D.W. Hatcher1, O.M. Lukow2, J.E. Dexter1, M. Shahin1 and N.M. Edwards1

1Grain Research Laboratory, Canadian Grain Commission, 1404-303 Main St. Winnipeg, Manitoba Canada R3C 3G8
Cereal Research Center, Agriculture and Agri-Foods Canada, 195 Dafoe Rd., Winnipeg, MB. Canada, R3T2N2.


Canada has recognized the importance of the Asian marketplace, which has represented greater than 50% of our exports for the last two decades. Depending on the literature source cited, most Asian countries utilize 30-40% of their wheat for the production of noodles. Canadian hard wheats are ideally suited for the production of the dominant noodle type, yellow alkaline noodles, which require elevated protein levels to impart their desired textural attributes.
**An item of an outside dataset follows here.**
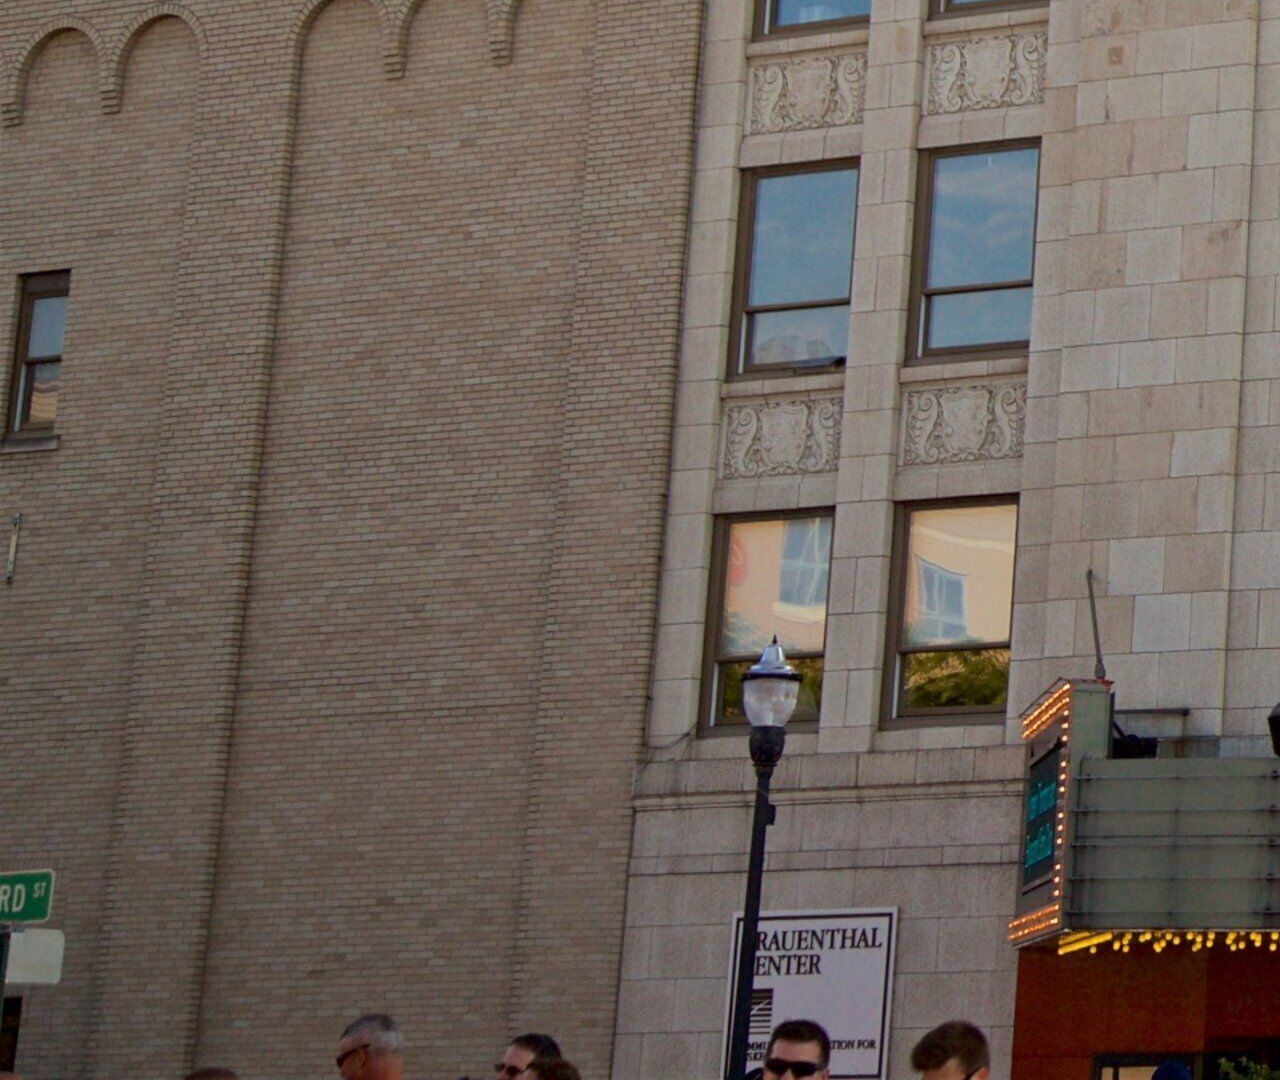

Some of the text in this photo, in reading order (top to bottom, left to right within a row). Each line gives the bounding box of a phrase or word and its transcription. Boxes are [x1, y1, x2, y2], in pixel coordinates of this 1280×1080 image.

While Canadian plant breeders have excellent and diverse germplasm to work with, within the last year a concerted effort has been undertaken to assist the assessment of new lines for the Asian market. Three organizations; Agriculture and Agri-Foods Canada (AAFC), the Canadian Grain Commission (CGC) and the Canadian International Grains Institute (CIGI) have adopted a standardized evaluation of breeder lines at all stages of the screening process. The system has adopted a protocol which focuses on the evaluation of new lines of Canada Western Red Spring (CWRS), Canada Western Hard White Spring (CWHWS) and Canada Prairie Spring White (CPSW) wheat for alkaline noodles and bread products. The new protocol encompasses the use of 1% w/w alkali (9:1 sodium:potassium carbonates), 1% w/w NaCl and an absorption level of 34%. Furthermore, the preparation of the noodle crumb has been standardized with the use of an asymmetrical centrifugal mixer. This mixer offers a number of advantages to the plant breeders. One key advantage is the smaller amount of sample required, 50 g, instead of the traditional 200g employed using traditional mixers. An additional benefit is that the mixing time has been significantly reduced, only 30 sec at 3,000 rpm, offering a major time saving over the traditional 5.5 min. Other advantages of this mixer are the small and relatively constant (3mm) dough particles combined with the excellent and uniform hydration of the dough crumb. Subsequent dough sheets exhibit minimal streaking due to non-uniform water distribution. Previous research within our laboratory (Hatcher and Preston, 2004) had demonstrated that the use of the dual pin bowl offered both the same colour and textural attributes as the traditional mixer for both CWRS and CPSW wheat.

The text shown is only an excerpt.